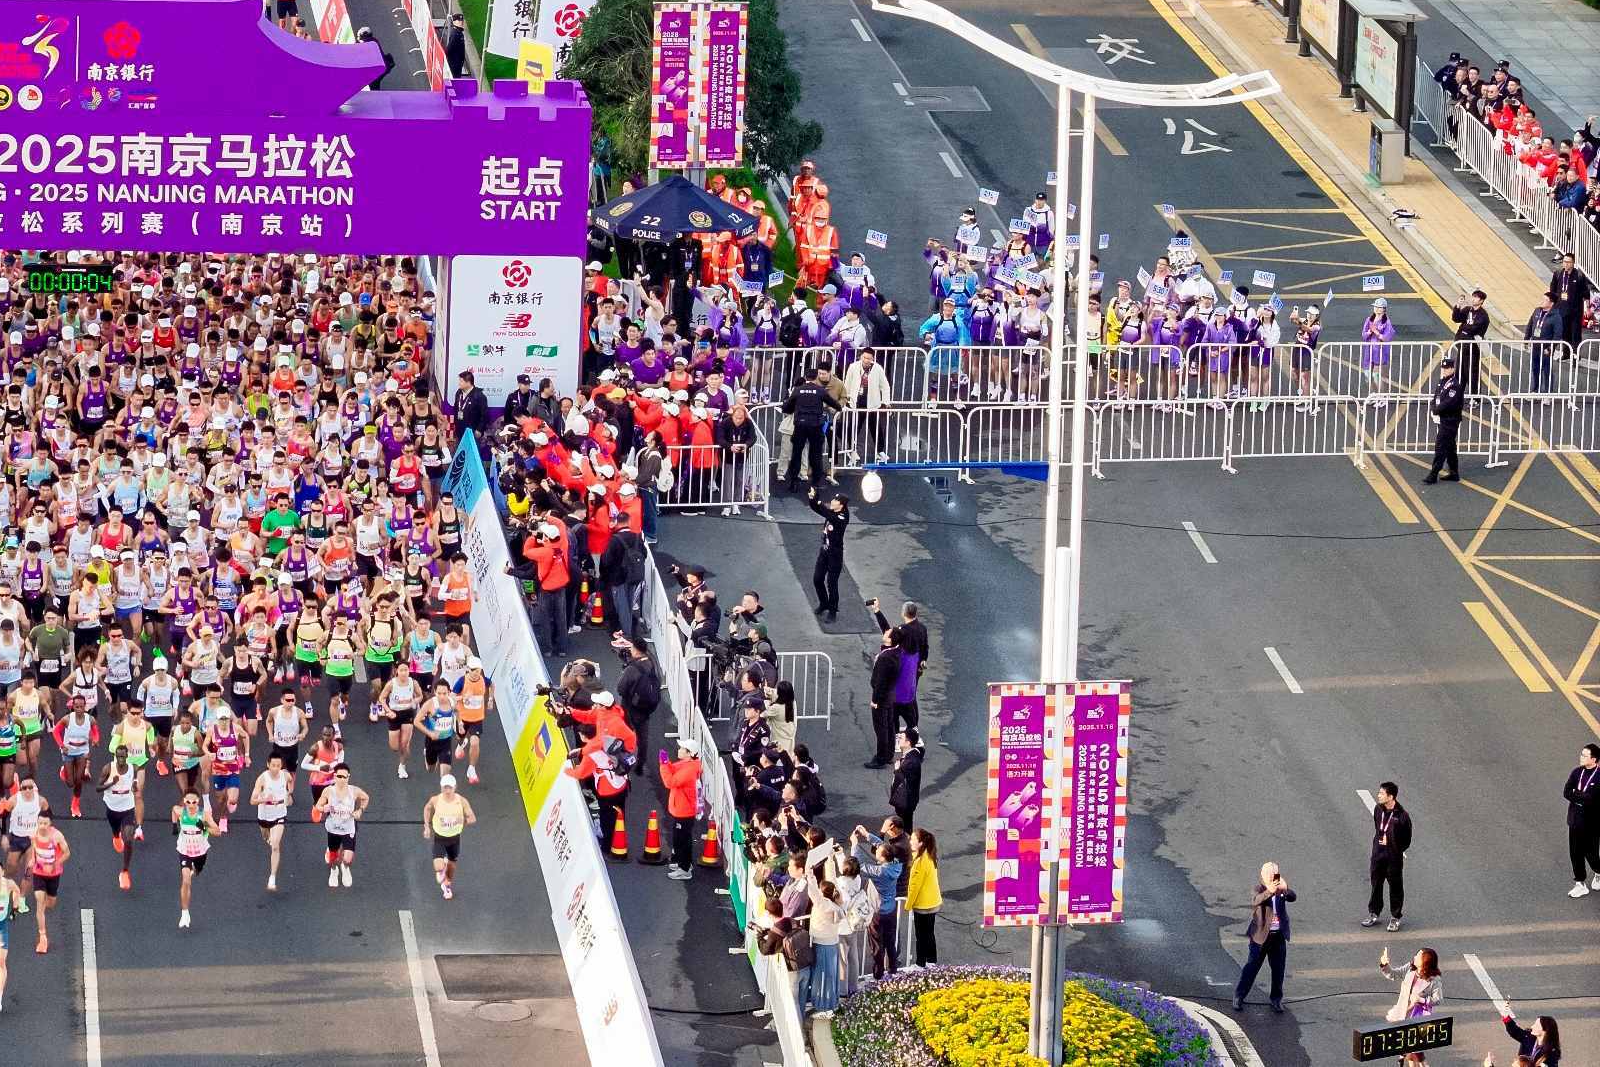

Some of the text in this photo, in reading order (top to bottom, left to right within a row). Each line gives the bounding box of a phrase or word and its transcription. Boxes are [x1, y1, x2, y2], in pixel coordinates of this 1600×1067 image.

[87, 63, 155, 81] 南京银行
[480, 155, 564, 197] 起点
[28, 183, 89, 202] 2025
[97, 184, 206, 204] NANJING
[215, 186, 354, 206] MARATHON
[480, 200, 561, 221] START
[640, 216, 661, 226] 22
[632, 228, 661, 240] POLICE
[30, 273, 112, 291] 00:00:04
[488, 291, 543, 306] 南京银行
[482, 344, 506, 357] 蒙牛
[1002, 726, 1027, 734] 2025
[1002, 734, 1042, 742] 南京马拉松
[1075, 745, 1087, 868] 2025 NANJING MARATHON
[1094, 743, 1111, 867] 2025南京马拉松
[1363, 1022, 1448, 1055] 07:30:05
# # # # #
All of the data above must be printed exactly, minus its pictures.

Some of the text in this photo, in reading order (top to bottom, left to right within a row). Each line gives the bounding box of a phrase or word and its transcription. Boxes are [x1, y1, x2, y2], in pixel coordinates of this 1600×1067 image.

[87, 63, 155, 81] 南京银行
[480, 155, 564, 197] 起点
[28, 183, 89, 202] 2025
[97, 184, 206, 204] NANJING
[215, 186, 354, 206] MARATHON
[480, 200, 561, 221] START
[640, 216, 661, 226] 22
[632, 228, 661, 240] POLICE
[30, 273, 112, 291] 00:00:04
[488, 291, 543, 306] 南京银行
[482, 344, 506, 357] 蒙牛
[1002, 726, 1027, 734] 2025
[1002, 734, 1042, 742] 南京马拉松
[1075, 745, 1087, 868] 2025 NANJING MARATHON
[1094, 743, 1111, 867] 2025南京马拉松
[1363, 1022, 1448, 1055] 07:30:05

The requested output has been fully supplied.